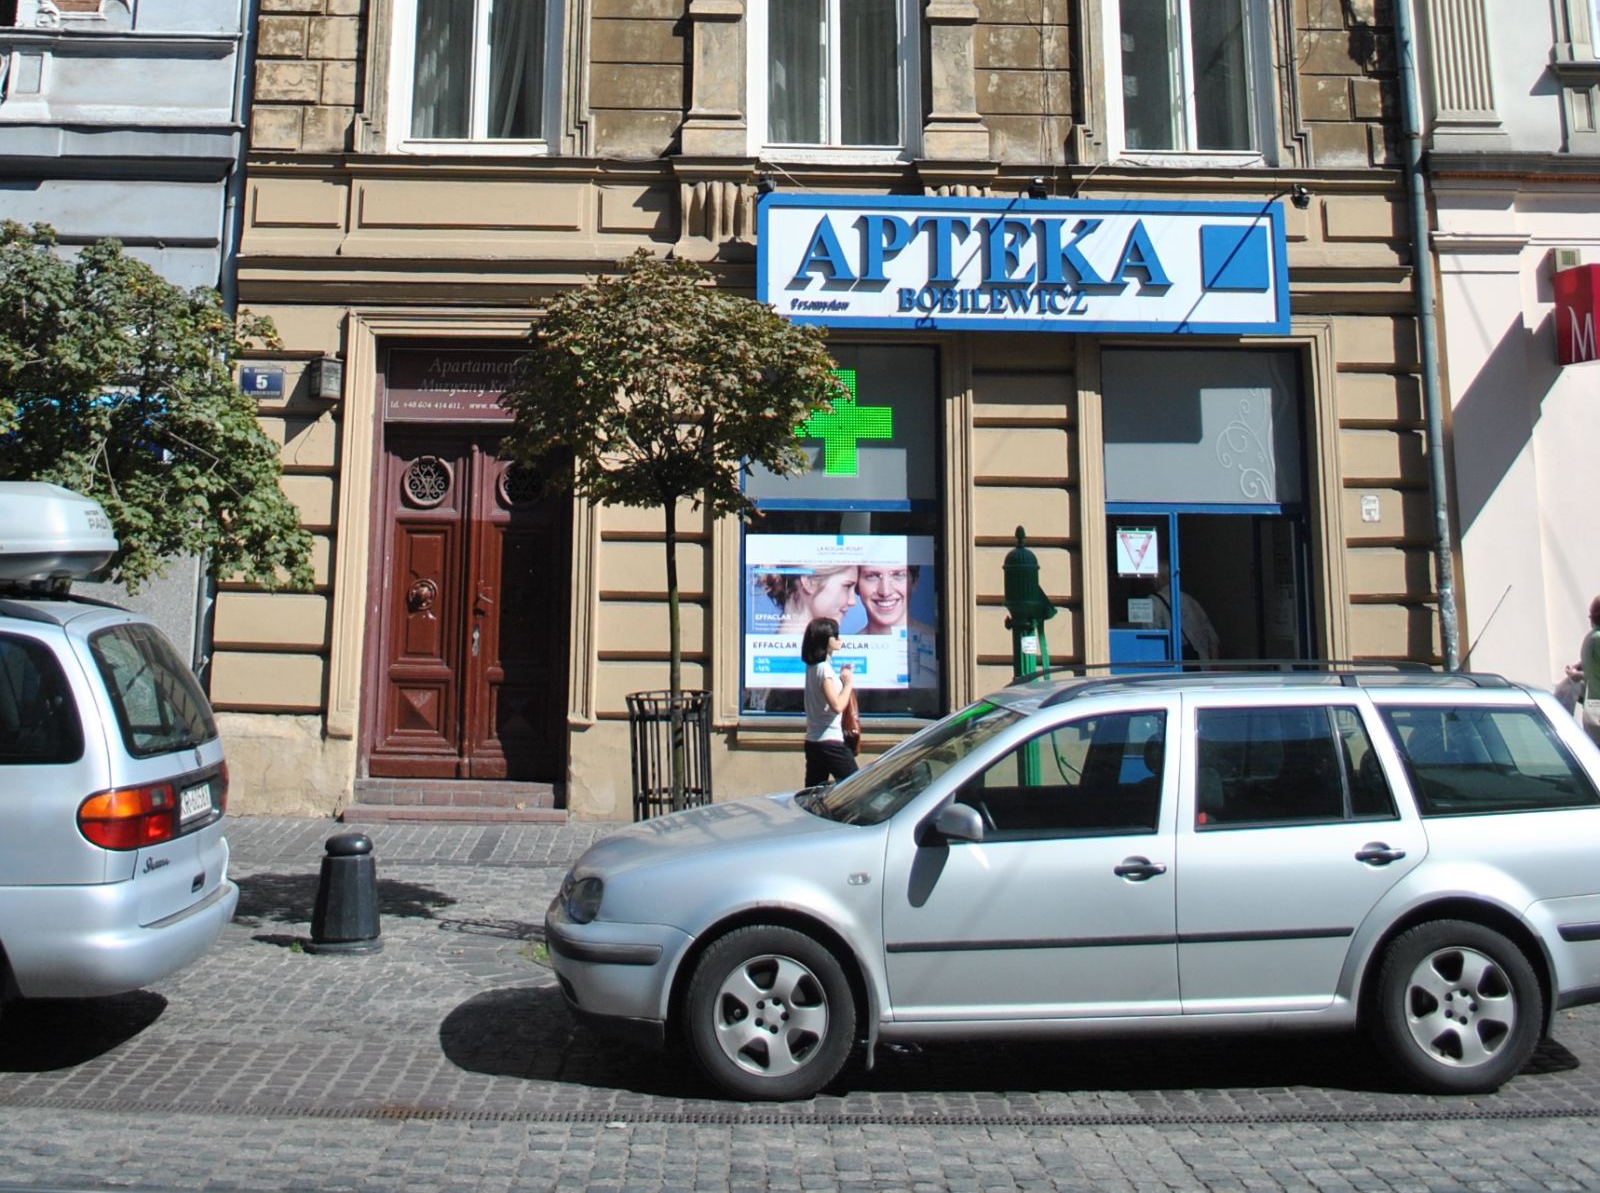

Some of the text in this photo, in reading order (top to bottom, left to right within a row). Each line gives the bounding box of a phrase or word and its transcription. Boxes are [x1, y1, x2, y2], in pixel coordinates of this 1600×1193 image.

[797, 212, 1173, 286] APTEKA
[898, 287, 1088, 315] BOBILEWICZ
[256, 374, 268, 390] 5
[753, 641, 798, 649] EFFACLAR

□ □ □ □

# TASK GOAL:
Without any pictures, print the whole listing again exactly as it stands.

# RESULT:
Some of the text in this photo, in reading order (top to bottom, left to right within a row). Each line gives the bounding box of a phrase or word and its transcription. Boxes are [x1, y1, x2, y2], in pixel coordinates of this 1600×1193 image.

[797, 212, 1173, 286] APTEKA
[898, 287, 1088, 315] BOBILEWICZ
[256, 374, 268, 390] 5
[753, 641, 798, 649] EFFACLAR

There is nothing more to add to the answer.